— Вам бы следовало одеться с головы до ног.
— А кто будет платить? — резким голосом ответил он. — У бедной матери не осталось ни гроша, я получаю пятьсот франков в год. Чтобы одеться, нужна вся моя годовая пенсия, а я уже заложил ее на три года вперед.
— Почему? — спросил Жозеф.
— Долг чести. Жирудо взял у Флорентины тысячу франков для того, чтобы дать их мне взаймы... Я не одет с иголочки, это правда. Но когда подумаешь, что Наполеон — на Святой Елене и продает свое серебро, чтобы существовать, то его солдаты, оставшиеся верными ему, могут отлично расхаживать в стоптанных сапогах, — сказал он, показывая свои сапоги без каблуков.
И он вышел.
— Он неплохой мальчик, — сказала Агата, — он способен на хорошие чувства.
— Можно любить императора и сохранять приличную внешность, — сказал Жозеф. — Если бы он хоть немного заботился о себе и своей одежде, то не смахивал бы на проходимца.
— Жозеф, надо быть снисходительным к брату, — сказала Агата. — Ты-то занимаешься тем, чем хочешь. А он, конечно, не на своем месте.
— Почему же он его оставил? — спросил Жозеф. — Не все ли равно, будут ли на знаменах клопы Людовика Восемнадцатого или кукушка Наполеона, если эти лохмотья — французские?
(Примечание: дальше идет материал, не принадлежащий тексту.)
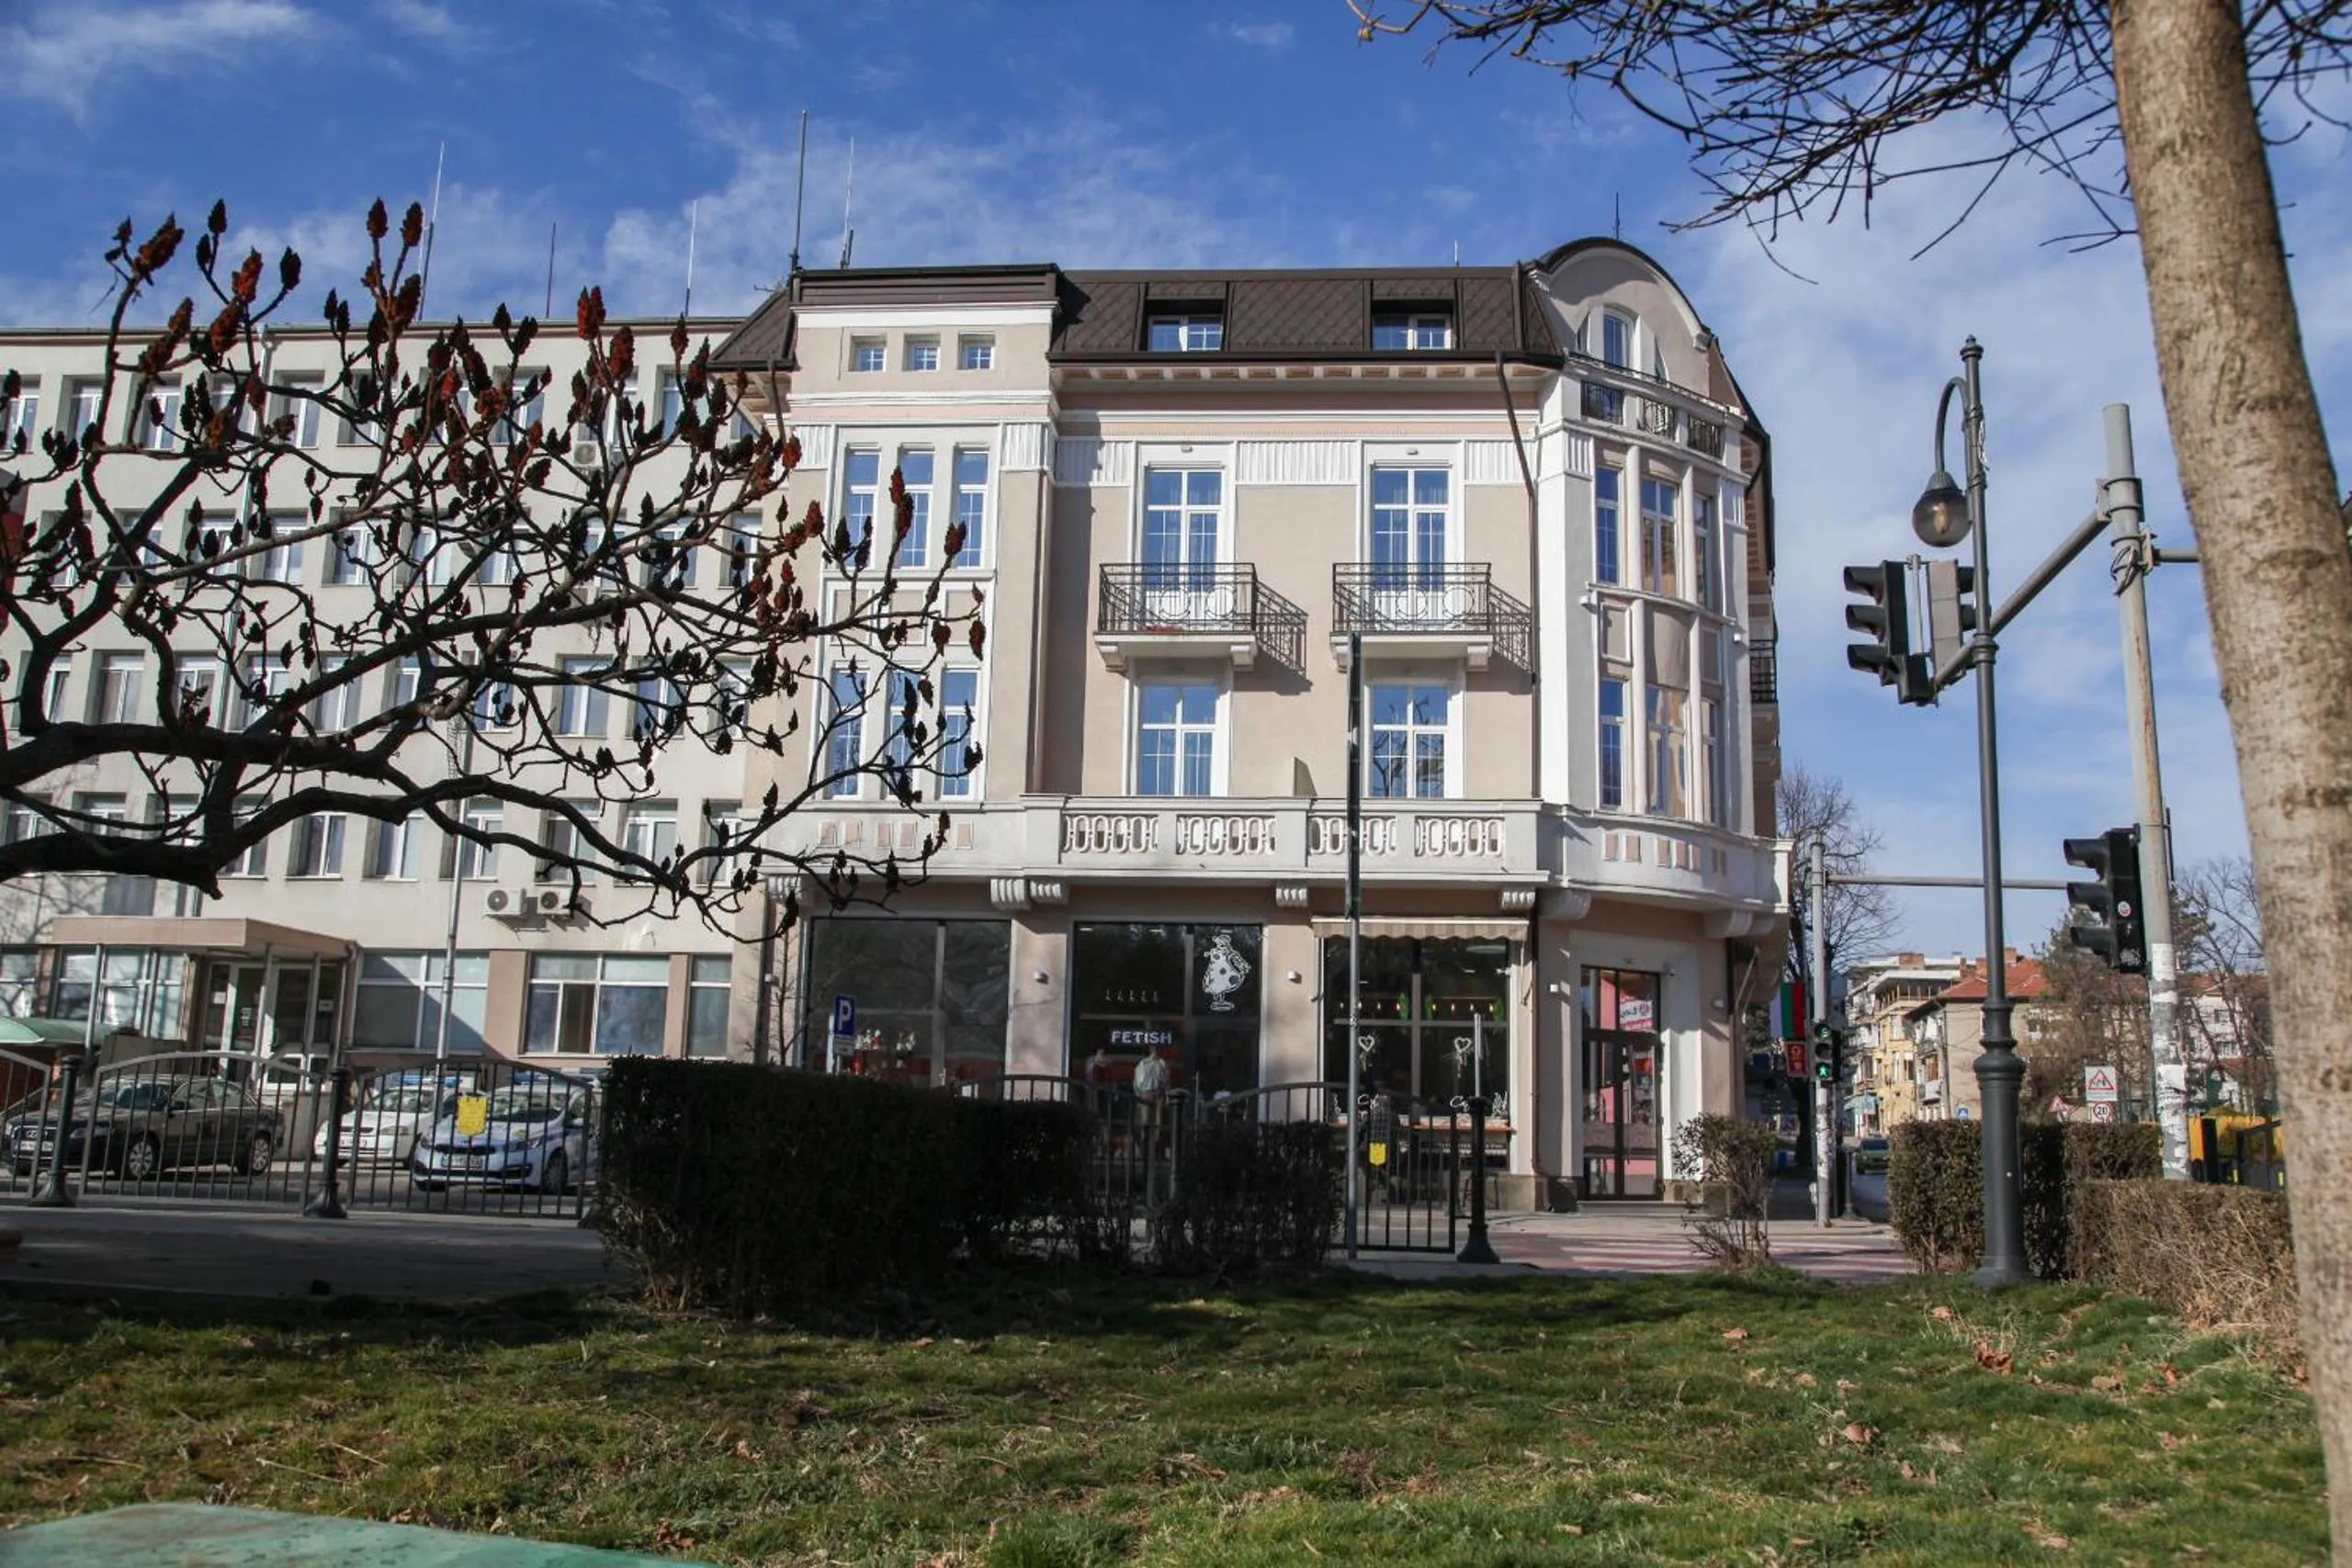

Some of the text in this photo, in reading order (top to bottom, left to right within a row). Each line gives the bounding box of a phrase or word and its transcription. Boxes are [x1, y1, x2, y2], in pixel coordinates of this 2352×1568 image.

[838, 998, 853, 1031] P
[1111, 1031, 1172, 1043] FETISH
[2097, 1106, 2109, 1115] 20
Франция есть Франция. Я бы стал рисовать хоть для черта! Солдат должен драться, раз он солдат, из любви к искусству. Если бы Филипп преспокойно остался в армии, то был бы теперь генералом...
— Вы несправедливы к нему, — сказала Агата. — Твой отец обожал императора, и он одобрил бы поступок сына. Да, наконец, Филипп согласен возвратиться в армию! Один бог знает, как тяжело твоему брату пойти на то, что он считает изменой.
Жозеф встал из-за стола, собираясь подняться к себе в мастерскую, но Агата, взяв его за руку, сказала:
— Будь добр с братом, он так несчастен.
Когда художник вернулся в мастерскую, сопровождаемый г-жой Декуэн, которая просила его щадить чувствительность матери и обращала его внимание на то, как Агата изменилась, о каких внутренних терзаниях говорит эта перемена, — в мастерской, к своему глубокому изумлению, они застали Филиппа.
— Жозеф, милый мой, — сказал он с непринужденным видом, — мне очень нужны деньги. Черт побери! Я должен франков тридцать в табачную лавочку за сигары и не смею пройти мимо этой проклятой лавчонки, не заплатив денег. Я уже обещал раз десять.
— Отлично, вот это по-моему: возьми из черепа.
— Но я уже взял все вчера, после обеда.
— Там было сорок пять франков....
— Ну да, ровно столько и я насчитал, — ответил Филипп. — Я их и взял. А что — может быть, я дурно поступил?